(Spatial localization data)
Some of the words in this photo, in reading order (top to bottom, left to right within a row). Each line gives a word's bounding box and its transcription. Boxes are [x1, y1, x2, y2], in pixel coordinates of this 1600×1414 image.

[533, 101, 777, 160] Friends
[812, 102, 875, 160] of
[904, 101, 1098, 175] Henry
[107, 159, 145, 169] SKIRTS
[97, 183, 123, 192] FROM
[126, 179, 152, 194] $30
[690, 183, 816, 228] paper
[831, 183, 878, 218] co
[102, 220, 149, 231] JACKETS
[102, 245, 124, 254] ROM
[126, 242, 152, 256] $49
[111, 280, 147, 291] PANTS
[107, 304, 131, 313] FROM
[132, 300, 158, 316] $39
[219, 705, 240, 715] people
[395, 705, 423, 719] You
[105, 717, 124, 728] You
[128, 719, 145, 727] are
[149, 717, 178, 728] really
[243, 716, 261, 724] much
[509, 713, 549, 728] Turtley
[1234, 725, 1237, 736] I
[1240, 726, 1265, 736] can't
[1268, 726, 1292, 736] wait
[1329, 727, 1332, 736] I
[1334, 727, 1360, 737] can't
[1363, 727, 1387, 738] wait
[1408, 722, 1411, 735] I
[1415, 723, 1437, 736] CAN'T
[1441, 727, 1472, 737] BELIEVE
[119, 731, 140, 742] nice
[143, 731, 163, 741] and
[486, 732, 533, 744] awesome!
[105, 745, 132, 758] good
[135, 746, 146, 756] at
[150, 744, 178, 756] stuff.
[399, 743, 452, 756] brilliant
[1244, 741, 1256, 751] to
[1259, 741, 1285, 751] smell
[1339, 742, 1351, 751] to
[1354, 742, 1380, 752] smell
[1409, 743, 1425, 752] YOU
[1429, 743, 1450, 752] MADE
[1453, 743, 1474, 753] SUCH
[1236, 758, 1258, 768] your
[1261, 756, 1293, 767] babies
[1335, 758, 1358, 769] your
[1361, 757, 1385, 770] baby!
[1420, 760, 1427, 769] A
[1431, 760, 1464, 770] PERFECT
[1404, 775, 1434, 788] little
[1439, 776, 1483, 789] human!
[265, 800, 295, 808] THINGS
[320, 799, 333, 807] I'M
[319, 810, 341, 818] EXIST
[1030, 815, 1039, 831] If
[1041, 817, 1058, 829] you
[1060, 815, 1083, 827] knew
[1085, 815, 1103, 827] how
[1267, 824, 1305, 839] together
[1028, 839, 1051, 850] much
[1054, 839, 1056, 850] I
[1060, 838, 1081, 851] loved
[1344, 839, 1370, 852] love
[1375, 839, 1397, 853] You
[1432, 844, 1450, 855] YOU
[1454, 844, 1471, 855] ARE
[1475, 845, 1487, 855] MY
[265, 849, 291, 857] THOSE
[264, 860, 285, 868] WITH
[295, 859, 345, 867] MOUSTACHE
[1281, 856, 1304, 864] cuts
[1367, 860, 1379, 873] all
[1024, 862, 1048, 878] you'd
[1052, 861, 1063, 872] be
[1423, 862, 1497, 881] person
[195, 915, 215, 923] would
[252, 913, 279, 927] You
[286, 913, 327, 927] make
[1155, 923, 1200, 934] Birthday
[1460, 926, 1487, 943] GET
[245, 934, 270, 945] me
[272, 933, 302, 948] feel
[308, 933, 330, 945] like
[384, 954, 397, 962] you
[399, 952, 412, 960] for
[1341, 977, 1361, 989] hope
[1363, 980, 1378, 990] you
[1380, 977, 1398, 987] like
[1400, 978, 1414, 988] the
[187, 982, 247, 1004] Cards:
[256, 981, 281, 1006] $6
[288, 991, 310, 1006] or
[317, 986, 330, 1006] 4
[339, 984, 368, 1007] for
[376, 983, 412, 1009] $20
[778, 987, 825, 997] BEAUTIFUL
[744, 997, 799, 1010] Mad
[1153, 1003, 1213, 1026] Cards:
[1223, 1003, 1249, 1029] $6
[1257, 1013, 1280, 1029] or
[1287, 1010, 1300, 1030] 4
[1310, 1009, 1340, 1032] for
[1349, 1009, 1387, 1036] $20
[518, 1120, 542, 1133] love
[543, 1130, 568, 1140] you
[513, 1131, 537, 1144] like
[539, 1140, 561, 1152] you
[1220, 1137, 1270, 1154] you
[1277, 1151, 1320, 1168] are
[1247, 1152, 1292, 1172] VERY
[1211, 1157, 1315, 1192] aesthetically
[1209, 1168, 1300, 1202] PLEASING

▶ **To do**: Return the records in full, exactly as they read.

▶ **Response to this exercise**:
Some of the words in this photo, in reading order (top to bottom, left to right within a row). Each line gives a word's bounding box and its transcription. Boxes are [x1, y1, x2, y2], in pixel coordinates of this 1600×1414 image.

[533, 101, 777, 160] Friends
[812, 102, 875, 160] of
[904, 101, 1098, 175] Henry
[107, 159, 145, 169] SKIRTS
[97, 183, 123, 192] FROM
[126, 179, 152, 194] $30
[690, 183, 816, 228] paper
[831, 183, 878, 218] co
[102, 220, 149, 231] JACKETS
[102, 245, 124, 254] ROM
[126, 242, 152, 256] $49
[111, 280, 147, 291] PANTS
[107, 304, 131, 313] FROM
[132, 300, 158, 316] $39
[219, 705, 240, 715] people
[395, 705, 423, 719] You
[105, 717, 124, 728] You
[128, 719, 145, 727] are
[149, 717, 178, 728] really
[243, 716, 261, 724] much
[509, 713, 549, 728] Turtley
[1234, 725, 1237, 736] I
[1240, 726, 1265, 736] can't
[1268, 726, 1292, 736] wait
[1329, 727, 1332, 736] I
[1334, 727, 1360, 737] can't
[1363, 727, 1387, 738] wait
[1408, 722, 1411, 735] I
[1415, 723, 1437, 736] CAN'T
[1441, 727, 1472, 737] BELIEVE
[119, 731, 140, 742] nice
[143, 731, 163, 741] and
[486, 732, 533, 744] awesome!
[105, 745, 132, 758] good
[135, 746, 146, 756] at
[150, 744, 178, 756] stuff.
[399, 743, 452, 756] brilliant
[1244, 741, 1256, 751] to
[1259, 741, 1285, 751] smell
[1339, 742, 1351, 751] to
[1354, 742, 1380, 752] smell
[1409, 743, 1425, 752] YOU
[1429, 743, 1450, 752] MADE
[1453, 743, 1474, 753] SUCH
[1236, 758, 1258, 768] your
[1261, 756, 1293, 767] babies
[1335, 758, 1358, 769] your
[1361, 757, 1385, 770] baby!
[1420, 760, 1427, 769] A
[1431, 760, 1464, 770] PERFECT
[1404, 775, 1434, 788] little
[1439, 776, 1483, 789] human!
[265, 800, 295, 808] THINGS
[320, 799, 333, 807] I'M
[319, 810, 341, 818] EXIST
[1030, 815, 1039, 831] If
[1041, 817, 1058, 829] you
[1060, 815, 1083, 827] knew
[1085, 815, 1103, 827] how
[1267, 824, 1305, 839] together
[1028, 839, 1051, 850] much
[1054, 839, 1056, 850] I
[1060, 838, 1081, 851] loved
[1344, 839, 1370, 852] love
[1375, 839, 1397, 853] You
[1432, 844, 1450, 855] YOU
[1454, 844, 1471, 855] ARE
[1475, 845, 1487, 855] MY
[265, 849, 291, 857] THOSE
[264, 860, 285, 868] WITH
[295, 859, 345, 867] MOUSTACHE
[1281, 856, 1304, 864] cuts
[1367, 860, 1379, 873] all
[1024, 862, 1048, 878] you'd
[1052, 861, 1063, 872] be
[1423, 862, 1497, 881] person
[195, 915, 215, 923] would
[252, 913, 279, 927] You
[286, 913, 327, 927] make
[1155, 923, 1200, 934] Birthday
[1460, 926, 1487, 943] GET
[245, 934, 270, 945] me
[272, 933, 302, 948] feel
[308, 933, 330, 945] like
[384, 954, 397, 962] you
[399, 952, 412, 960] for
[1341, 977, 1361, 989] hope
[1363, 980, 1378, 990] you
[1380, 977, 1398, 987] like
[1400, 978, 1414, 988] the
[187, 982, 247, 1004] Cards:
[256, 981, 281, 1006] $6
[288, 991, 310, 1006] or
[317, 986, 330, 1006] 4
[339, 984, 368, 1007] for
[376, 983, 412, 1009] $20
[778, 987, 825, 997] BEAUTIFUL
[744, 997, 799, 1010] Mad
[1153, 1003, 1213, 1026] Cards:
[1223, 1003, 1249, 1029] $6
[1257, 1013, 1280, 1029] or
[1287, 1010, 1300, 1030] 4
[1310, 1009, 1340, 1032] for
[1349, 1009, 1387, 1036] $20
[518, 1120, 542, 1133] love
[543, 1130, 568, 1140] you
[513, 1131, 537, 1144] like
[539, 1140, 561, 1152] you
[1220, 1137, 1270, 1154] you
[1277, 1151, 1320, 1168] are
[1247, 1152, 1292, 1172] VERY
[1211, 1157, 1315, 1192] aesthetically
[1209, 1168, 1300, 1202] PLEASING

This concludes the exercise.